_Problem requirements:_ Drop every picture, then repeat the records exactly.

[Opening Provided data section]

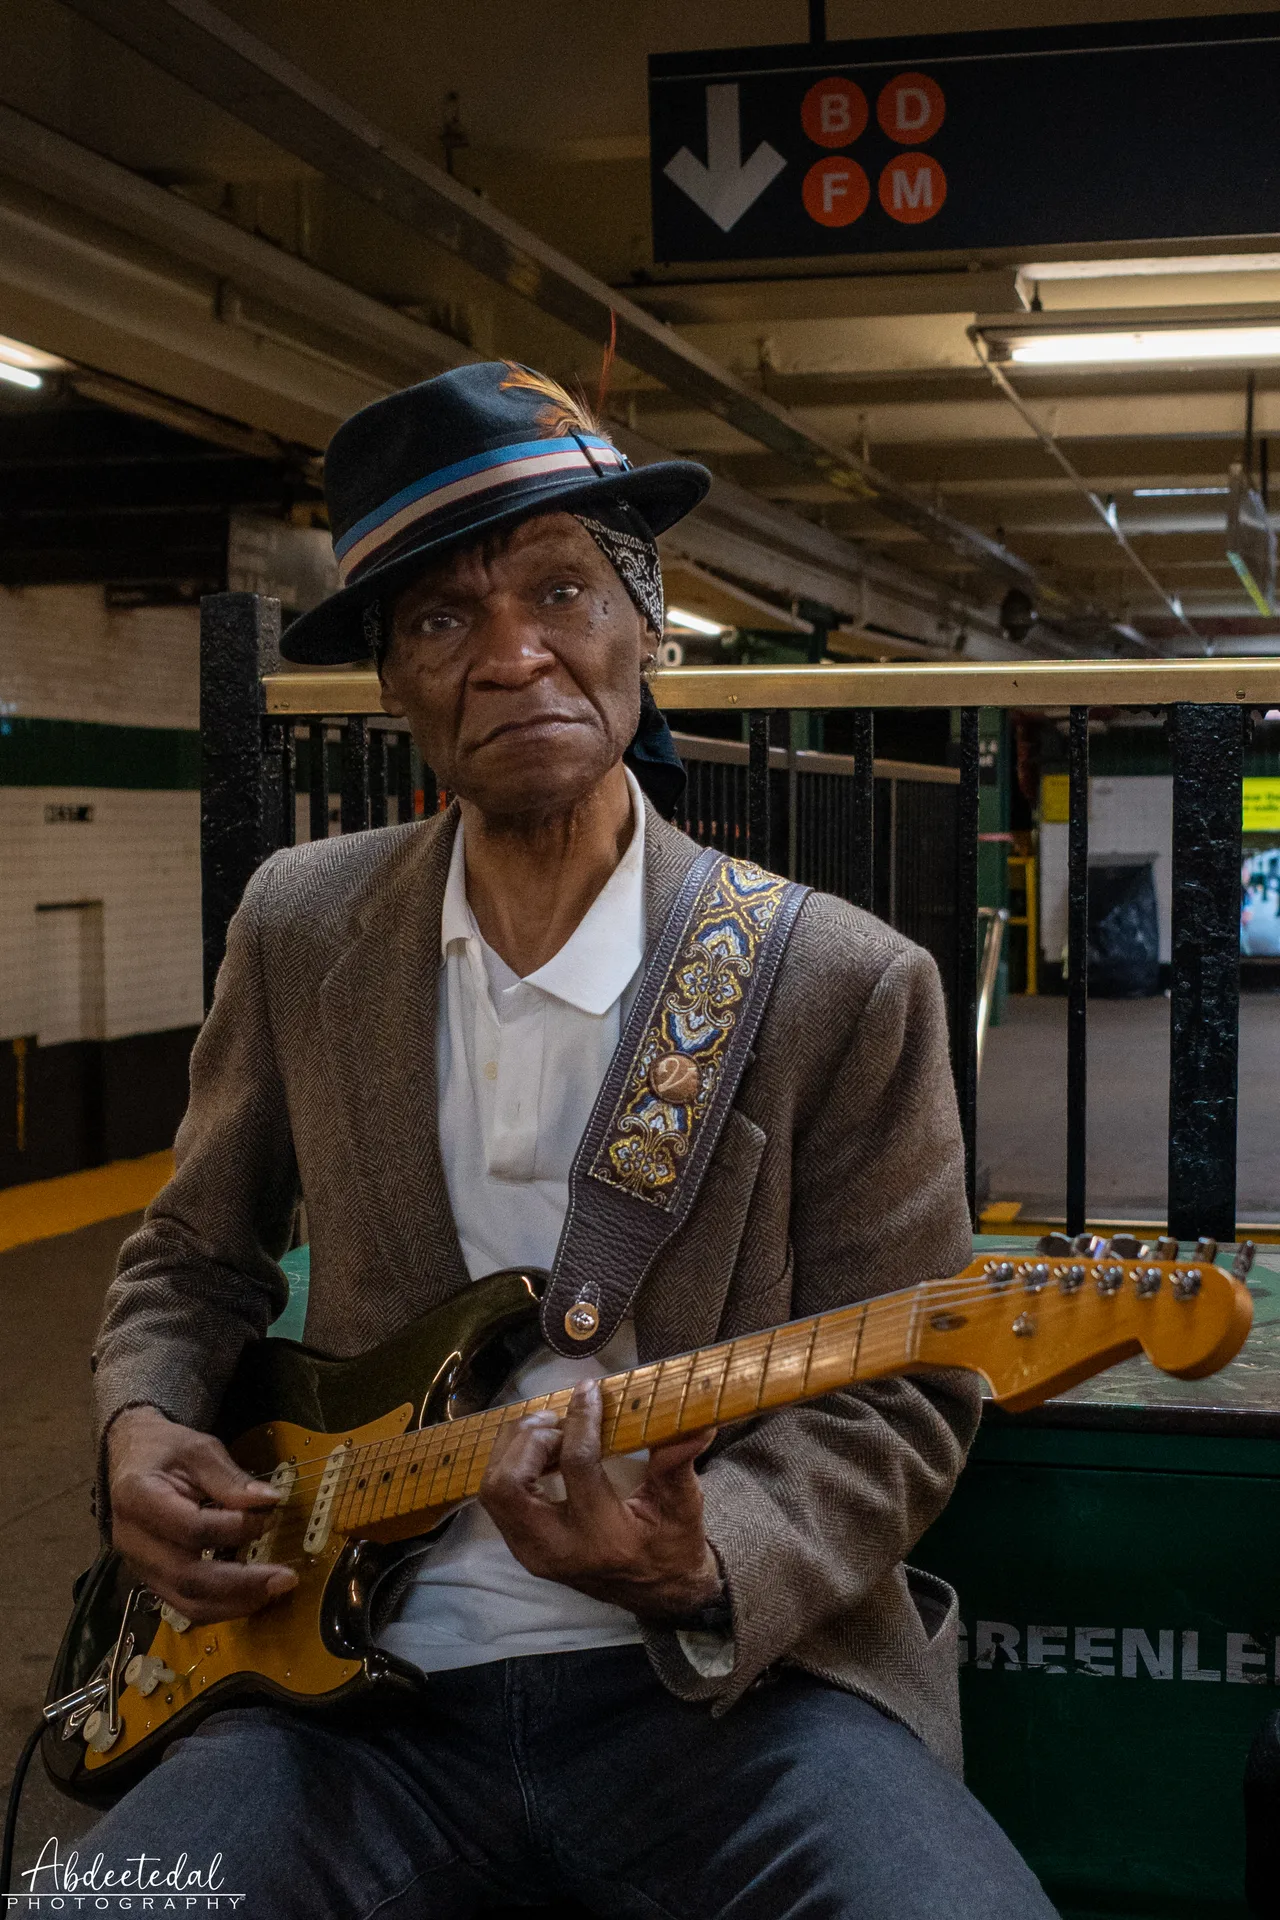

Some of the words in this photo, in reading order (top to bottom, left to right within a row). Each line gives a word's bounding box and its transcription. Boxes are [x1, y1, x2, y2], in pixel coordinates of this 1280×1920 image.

[820, 94, 850, 133] B
[895, 88, 931, 130] D
[822, 172, 849, 213] F
[892, 167, 933, 209] M
[958, 1619, 1280, 1686] REENLE

[Closing Provided data section]

_Exercise response:_
Some of the words in this photo, in reading order (top to bottom, left to right within a row). Each line gives a word's bounding box and its transcription. Boxes are [x1, y1, x2, y2], in pixel coordinates of this 1280×1920 image.

[820, 94, 850, 133] B
[895, 88, 931, 130] D
[822, 172, 849, 213] F
[892, 167, 933, 209] M
[958, 1619, 1280, 1686] REENLE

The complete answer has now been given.